Movie Review
Wallace & Gromit: The Curse of the Were-Rabbit
2005
Director: Steve Box, Nick Park
Cast: Peter Sallis, Ralph Fiennes, Helena Bonham Carter
C+


there is something otherworldly about Wallace & Gromit, more than most stop-motion animation even. The universe they reside in is so cogent, with complex moving parts, inspired attention to detail – a refrigerator with ‘SMUG’ on the front, bands aids applied to pitchfork holes in a pompadour … it’s as visually imaginative as anything that’s out there, and is immediately distinctive.

Plus the way the characters carry themselves, their stiff plasticine movements; so deliberate. And how naïve they look with their googly-eyes – particularly the eyebrowless Wallace. He’d never browbeat anyone. How could he? The duffer. Which leads me to my question: is it possible to write a negative review of this movie without seeming like some kind of asshole? Can anything on God’s Good Earth be more harmless and loveable than Wallace and Gromit? Short answer: no, sir. I mean you can actually see the fingerprints all over the plasticine. These guys sculpted every frame with their bare hands – that’s why you can’t criticize. Every frame. This movie is five years of loving care. Five years of going home at night with plasticine-hands and not being able to touch your partner in bed because Ick! Your hands are gross! Wash your hands! But you can’t just wash your hands, it takes days for it to come out. But you’re doing it anyway because Wallace and Gromit are so sweet.

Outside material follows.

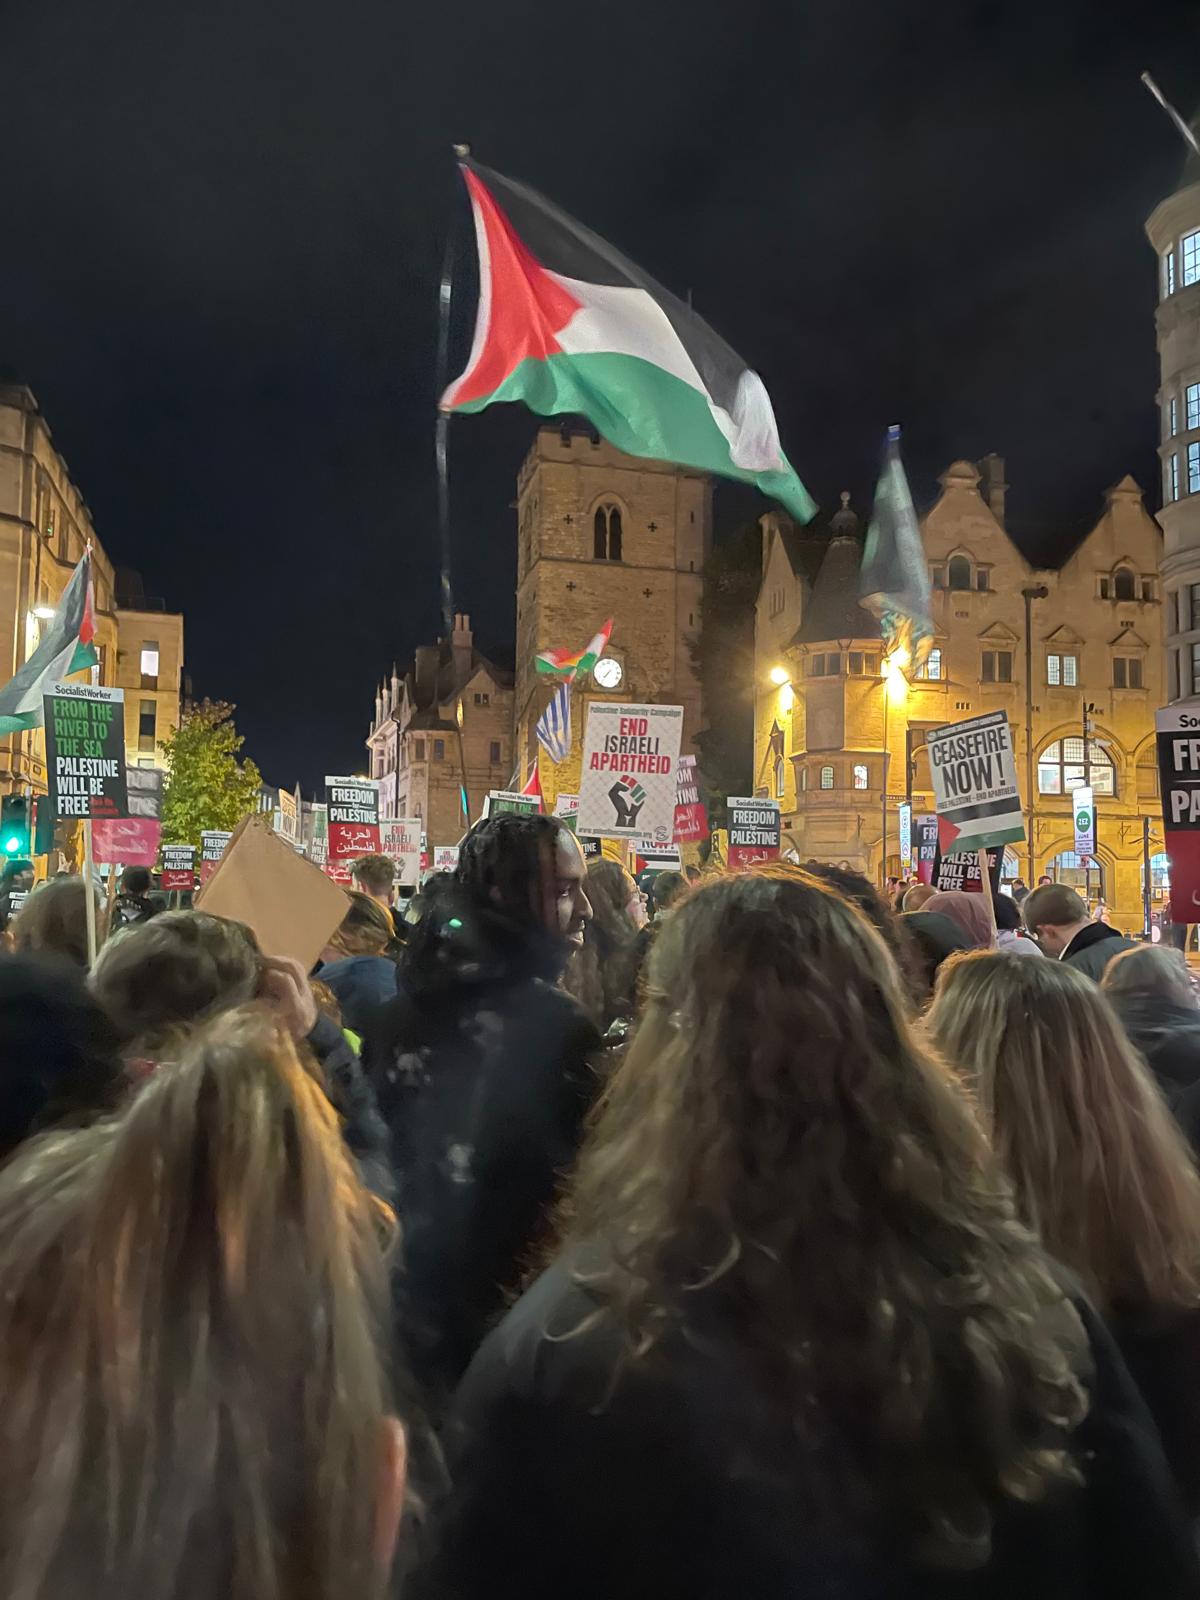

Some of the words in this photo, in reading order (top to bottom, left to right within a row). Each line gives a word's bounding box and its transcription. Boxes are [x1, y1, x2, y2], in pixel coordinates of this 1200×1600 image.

"Holy crap—I have thumbs!!!"

Yes. They are. It’s true the quaint duo have a sort of old-fashioned homeliness scant seen in cinema lately, and that’s why it’s such a shame to see all the good ingredients of their unique potential go into this otherwise undistinguishable cake mix. The proof of the pudding, as they say, is in the eating. And average pudding is fine if you’re only having one slice, but it has to be pretty exceptional pudding for it to be worth eating 85 minutes of one. That's the problem with transposing Wallace & Gromit to feature-length. What was negligible in story terms for their half-hour films, isn't for something that's this big. Nick Park (and co.) are great animators, able to sustain a few visual gags with a stopgap storyline, but the formula is showing its weaknesses here.

There’s the characters, for instance. They’re direct lift-outs from the Disney 101 compendium: there are good people in the world, who always look that certain way we have come to recognize as good; not a bad bone in their good bodies. The universe can basically be split right down the middle with the good people over here (with us) – but over there are the bad people, who always look the way we’ve come to expect them to look … they wear toupees and have dark bags under their eyes and a funny-shaped nose. You would be bad too if you looked this way.

Yeah. So anyway. I’m not going to mention you-know-who in a Wallace & Gromit review. But don’t say to me it’s just a kid’s movie. That’s only more frightening. Take the kids to see Howl’s Moving Castle instead. I believe that children are our future.